Alex Dunnin analyses the winners and losers from the Productivity Commission’s recommendations on Mysuper defaults.
Andrew Leigh (MP for Fraser, and former econoblogger extraordinaire) takes issue with Amazon’s pricing and availability policies for Australians on the kindle (particularly compared with those from the US). Actually I think it is at least as much a publisher issue as it is Amazon, but availability in particular for Australians is a bit ridiculous. I was in the ludicrous position of having to buy an Australian book in hardcopy, as only people from the US were able to buy it on the kindle.
Continuing on pricing and availability issues, apparently Orbitz is steering Mac users to more expensive hotels than PC users.

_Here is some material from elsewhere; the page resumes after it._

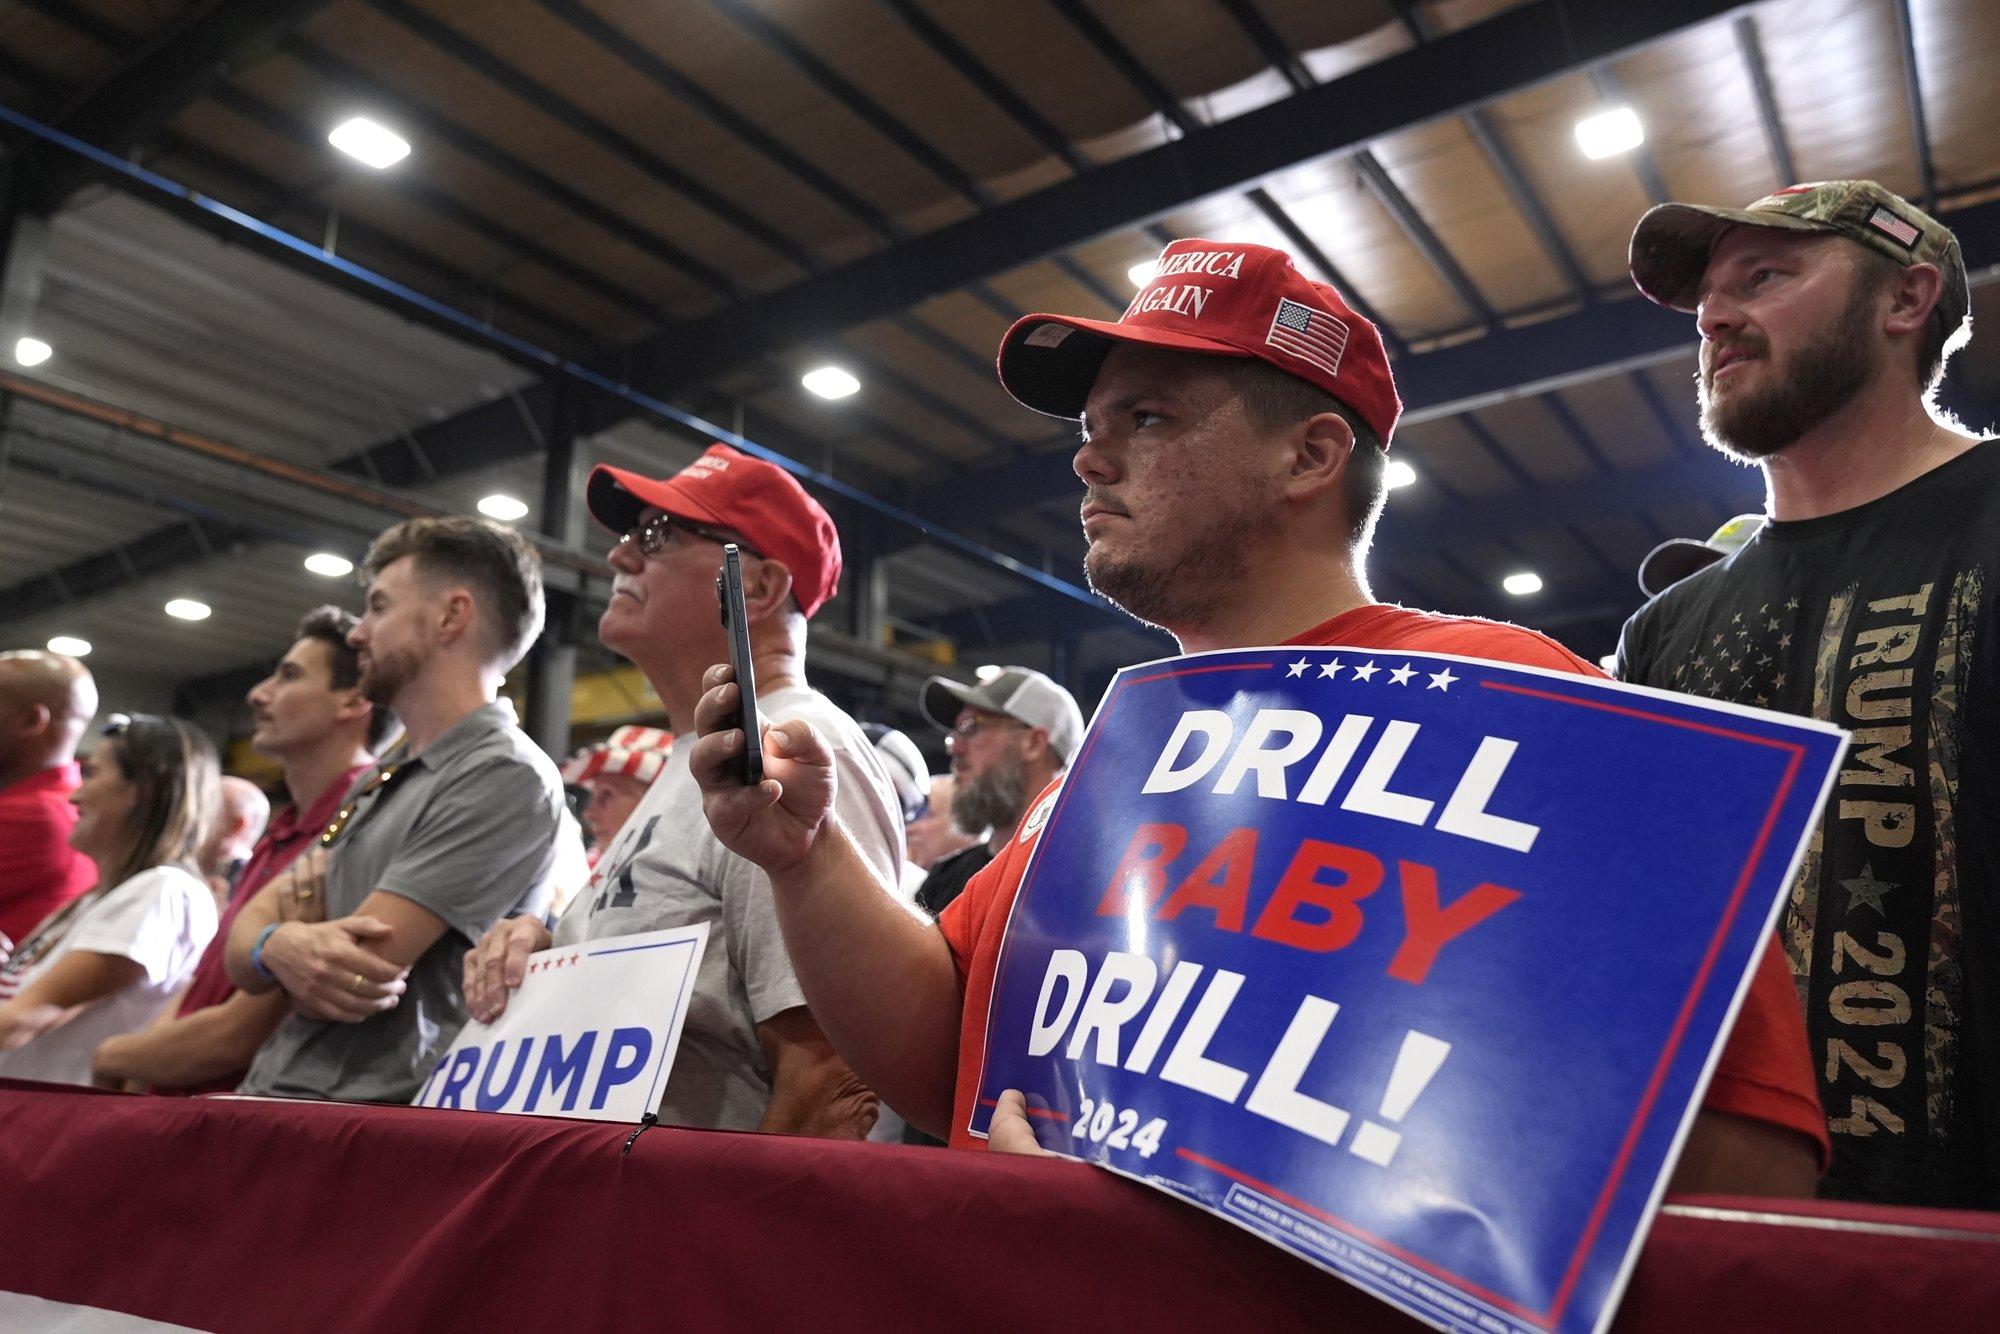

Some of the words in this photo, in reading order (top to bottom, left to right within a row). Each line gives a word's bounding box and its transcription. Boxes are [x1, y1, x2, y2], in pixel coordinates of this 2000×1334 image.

There is no evidence that they are also charging them extra (as they are likely to have a different demand curve) but other online sellers may be.
And finally, for the actuaries, an article in the New England Journal of Medicine about the changing causes of death over time in the US – pneumonia isn’t nearly as scary as it used to be, and there is a lot of argument about how much credit doctors and the medical system should take for some of the reductions in various diseases, notably tuberculosis and heart disease.